One of the main reasons there is so much Type 2 Diabetes around is that we eat too much unhealthy carbohydrate. We drink sugary drinks, we eat sweet foods and we add hot chips, pasta and rice to many meals.
Now the national recommendation is that around 40% of our diet can be carbohydrate but most of us eat around 80-90% carbs. So we need to cut back and get choosy about which carbs we are going to eat. Not only that, a lot of processed food has sugar added to it, so that we want to eat more of it. Sugar can be addictive, so we need to be aware of how much we are eating. Eating freshly cooked food is one way of reducing added and hidden sugar.

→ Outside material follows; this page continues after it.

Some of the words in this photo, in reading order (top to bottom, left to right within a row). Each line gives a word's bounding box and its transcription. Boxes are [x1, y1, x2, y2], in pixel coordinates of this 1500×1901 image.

Avoid fruit juices, salad dressings and fizzy drinks. Eat sweet foods only on special occasions and look for health options when you eat out.

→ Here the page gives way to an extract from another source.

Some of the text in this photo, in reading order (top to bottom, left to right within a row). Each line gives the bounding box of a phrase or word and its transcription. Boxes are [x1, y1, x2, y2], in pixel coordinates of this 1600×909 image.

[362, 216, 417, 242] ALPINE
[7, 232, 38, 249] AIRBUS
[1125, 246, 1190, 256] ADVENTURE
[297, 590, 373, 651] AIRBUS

In this program, we are gradually reducing your reliance on carbohydrate and replacing it with quality protein and healthy fats and oils.

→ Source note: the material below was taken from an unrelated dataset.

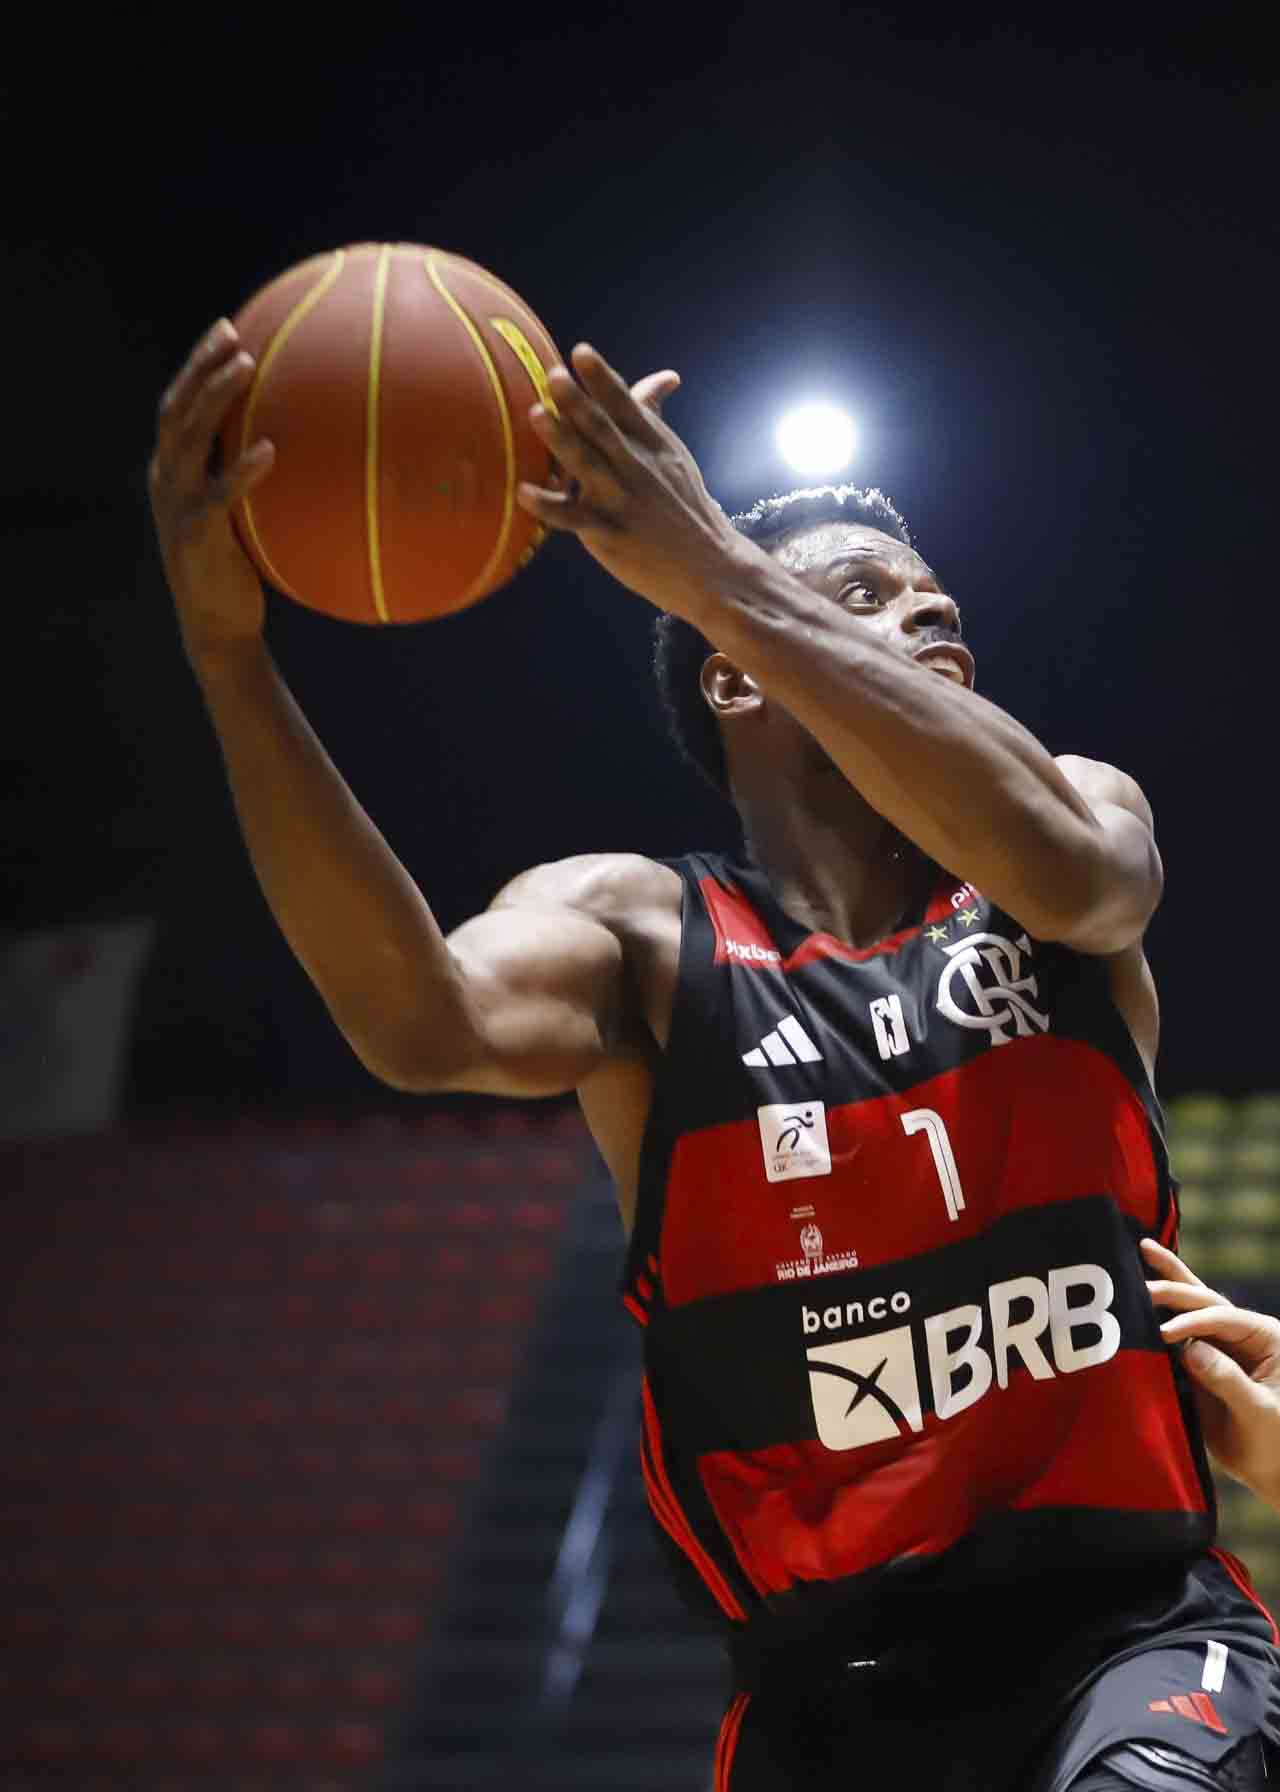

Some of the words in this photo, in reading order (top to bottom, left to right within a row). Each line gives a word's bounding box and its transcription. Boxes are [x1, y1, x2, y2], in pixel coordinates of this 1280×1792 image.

[777, 1268, 796, 1280] RIO
[802, 1290, 911, 1334] banco
[924, 1264, 1121, 1421] BRB

For example, meals and snacks are balanced to contain all three macronutrients – protein, fat and carbs. This gives you more energy, encourages your body to burn fat for energy rather than carbs and gives you more endurance throughout the day.
Keep fluids up with water, green tea and green juices. You can add a squeeze of lemon, if you don’t like the taste of water. Avoid artificial sweeteners if possible.
Your body will gradually adjust and you’ll find that you crave sugar and carbs much less as time goes on. Just stick with it and you’ll be successful.